*What is required:* The entries are to be given again in full. Every word must match.

----- Input data -----

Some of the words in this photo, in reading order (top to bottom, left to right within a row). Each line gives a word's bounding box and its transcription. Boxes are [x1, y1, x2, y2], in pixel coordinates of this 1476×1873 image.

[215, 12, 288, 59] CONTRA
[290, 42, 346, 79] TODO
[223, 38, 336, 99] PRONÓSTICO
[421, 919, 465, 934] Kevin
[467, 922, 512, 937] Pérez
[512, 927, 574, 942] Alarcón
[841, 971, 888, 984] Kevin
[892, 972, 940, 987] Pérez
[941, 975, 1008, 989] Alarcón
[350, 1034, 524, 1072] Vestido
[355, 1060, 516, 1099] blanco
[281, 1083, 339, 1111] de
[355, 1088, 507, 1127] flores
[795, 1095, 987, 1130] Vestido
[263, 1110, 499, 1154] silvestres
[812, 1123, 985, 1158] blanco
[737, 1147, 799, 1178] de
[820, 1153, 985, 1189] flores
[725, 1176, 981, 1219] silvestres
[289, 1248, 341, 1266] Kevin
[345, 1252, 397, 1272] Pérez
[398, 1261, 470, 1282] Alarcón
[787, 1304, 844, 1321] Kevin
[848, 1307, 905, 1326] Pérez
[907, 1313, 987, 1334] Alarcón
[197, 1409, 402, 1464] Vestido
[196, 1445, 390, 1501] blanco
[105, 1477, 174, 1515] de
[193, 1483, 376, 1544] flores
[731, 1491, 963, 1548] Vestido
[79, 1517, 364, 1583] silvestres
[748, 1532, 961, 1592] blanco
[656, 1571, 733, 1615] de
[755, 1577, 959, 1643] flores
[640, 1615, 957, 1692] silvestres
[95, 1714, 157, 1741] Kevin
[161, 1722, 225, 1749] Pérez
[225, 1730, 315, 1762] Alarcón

-----

*Expected answer:*
Some of the words in this photo, in reading order (top to bottom, left to right within a row). Each line gives a word's bounding box and its transcription. Boxes are [x1, y1, x2, y2], in pixel coordinates of this 1476×1873 image.

[215, 12, 288, 59] CONTRA
[290, 42, 346, 79] TODO
[223, 38, 336, 99] PRONÓSTICO
[421, 919, 465, 934] Kevin
[467, 922, 512, 937] Pérez
[512, 927, 574, 942] Alarcón
[841, 971, 888, 984] Kevin
[892, 972, 940, 987] Pérez
[941, 975, 1008, 989] Alarcón
[350, 1034, 524, 1072] Vestido
[355, 1060, 516, 1099] blanco
[281, 1083, 339, 1111] de
[355, 1088, 507, 1127] flores
[795, 1095, 987, 1130] Vestido
[263, 1110, 499, 1154] silvestres
[812, 1123, 985, 1158] blanco
[737, 1147, 799, 1178] de
[820, 1153, 985, 1189] flores
[725, 1176, 981, 1219] silvestres
[289, 1248, 341, 1266] Kevin
[345, 1252, 397, 1272] Pérez
[398, 1261, 470, 1282] Alarcón
[787, 1304, 844, 1321] Kevin
[848, 1307, 905, 1326] Pérez
[907, 1313, 987, 1334] Alarcón
[197, 1409, 402, 1464] Vestido
[196, 1445, 390, 1501] blanco
[105, 1477, 174, 1515] de
[193, 1483, 376, 1544] flores
[731, 1491, 963, 1548] Vestido
[79, 1517, 364, 1583] silvestres
[748, 1532, 961, 1592] blanco
[656, 1571, 733, 1615] de
[755, 1577, 959, 1643] flores
[640, 1615, 957, 1692] silvestres
[95, 1714, 157, 1741] Kevin
[161, 1722, 225, 1749] Pérez
[225, 1730, 315, 1762] Alarcón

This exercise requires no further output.